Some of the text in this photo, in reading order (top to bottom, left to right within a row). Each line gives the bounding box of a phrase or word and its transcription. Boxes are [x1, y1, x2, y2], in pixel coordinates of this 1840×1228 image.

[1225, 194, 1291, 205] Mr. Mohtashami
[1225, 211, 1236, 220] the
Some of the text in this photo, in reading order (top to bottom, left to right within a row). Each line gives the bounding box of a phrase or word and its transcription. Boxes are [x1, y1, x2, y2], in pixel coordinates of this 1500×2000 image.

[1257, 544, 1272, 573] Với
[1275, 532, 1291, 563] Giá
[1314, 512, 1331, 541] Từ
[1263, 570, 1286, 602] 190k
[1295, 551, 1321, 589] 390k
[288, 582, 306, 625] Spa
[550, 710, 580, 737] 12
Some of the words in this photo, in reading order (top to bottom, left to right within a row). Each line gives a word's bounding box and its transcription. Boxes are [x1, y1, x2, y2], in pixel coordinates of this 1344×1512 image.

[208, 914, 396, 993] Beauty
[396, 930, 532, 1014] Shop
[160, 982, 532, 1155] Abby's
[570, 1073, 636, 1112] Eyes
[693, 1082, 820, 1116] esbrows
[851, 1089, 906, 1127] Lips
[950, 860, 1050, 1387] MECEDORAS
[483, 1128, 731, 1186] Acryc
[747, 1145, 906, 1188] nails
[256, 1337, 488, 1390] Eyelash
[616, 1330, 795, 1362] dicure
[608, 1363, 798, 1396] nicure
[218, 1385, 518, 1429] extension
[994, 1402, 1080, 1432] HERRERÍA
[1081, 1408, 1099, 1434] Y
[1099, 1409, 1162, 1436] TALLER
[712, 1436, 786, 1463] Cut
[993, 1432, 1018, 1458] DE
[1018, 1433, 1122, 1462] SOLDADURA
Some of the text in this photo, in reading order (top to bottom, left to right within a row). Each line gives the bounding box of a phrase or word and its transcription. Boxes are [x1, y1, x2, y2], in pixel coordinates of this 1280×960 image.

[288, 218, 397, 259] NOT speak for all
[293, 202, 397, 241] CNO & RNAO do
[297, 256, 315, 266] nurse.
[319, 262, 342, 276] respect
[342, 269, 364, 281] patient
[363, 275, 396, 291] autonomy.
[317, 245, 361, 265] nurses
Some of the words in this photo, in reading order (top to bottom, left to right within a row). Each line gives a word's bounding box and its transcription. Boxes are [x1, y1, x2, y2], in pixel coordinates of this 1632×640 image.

_ _ _ _ _

When you copy the material, keep every line exactly as it stands.

◆ **Answer to the problem**
Some of the text in this photo, in reading order (top to bottom, left to right within a row). Each line gives the bounding box of a phrase or word and its transcription. Boxes are [x1, y1, x2, y2], in pixel coordinates of this 1840×1228 image.

[1225, 194, 1291, 205] Mr. Mohtashami
[1225, 211, 1236, 220] the
Some of the text in this photo, in reading order (top to bottom, left to right within a row). Each line gives the bounding box of a phrase or word and its transcription. Boxes are [x1, y1, x2, y2], in pixel coordinates of this 1500×2000 image.

[1257, 544, 1272, 573] Với
[1275, 532, 1291, 563] Giá
[1314, 512, 1331, 541] Từ
[1263, 570, 1286, 602] 190k
[1295, 551, 1321, 589] 390k
[288, 582, 306, 625] Spa
[550, 710, 580, 737] 12
Some of the words in this photo, in reading order (top to bottom, left to right within a row). Each line gives a word's bounding box and its transcription. Boxes are [x1, y1, x2, y2], in pixel coordinates of this 1344×1512 image.

[208, 914, 396, 993] Beauty
[396, 930, 532, 1014] Shop
[160, 982, 532, 1155] Abby's
[570, 1073, 636, 1112] Eyes
[693, 1082, 820, 1116] esbrows
[851, 1089, 906, 1127] Lips
[950, 860, 1050, 1387] MECEDORAS
[483, 1128, 731, 1186] Acryc
[747, 1145, 906, 1188] nails
[256, 1337, 488, 1390] Eyelash
[616, 1330, 795, 1362] dicure
[608, 1363, 798, 1396] nicure
[218, 1385, 518, 1429] extension
[994, 1402, 1080, 1432] HERRERÍA
[1081, 1408, 1099, 1434] Y
[1099, 1409, 1162, 1436] TALLER
[712, 1436, 786, 1463] Cut
[993, 1432, 1018, 1458] DE
[1018, 1433, 1122, 1462] SOLDADURA
Some of the text in this photo, in reading order (top to bottom, left to right within a row). Each line gives the bounding box of a phrase or word and its transcription. Boxes are [x1, y1, x2, y2], in pixel coordinates of this 1280×960 image.

[288, 218, 397, 259] NOT speak for all
[293, 202, 397, 241] CNO & RNAO do
[297, 256, 315, 266] nurse.
[319, 262, 342, 276] respect
[342, 269, 364, 281] patient
[363, 275, 396, 291] autonomy.
[317, 245, 361, 265] nurses
Some of the words in this photo, in reading order (top to bottom, left to right within a row). Each line gives a word's bounding box and its transcription. Boxes are [x1, y1, x2, y2], in pixel coordinates of this 1632×640 image.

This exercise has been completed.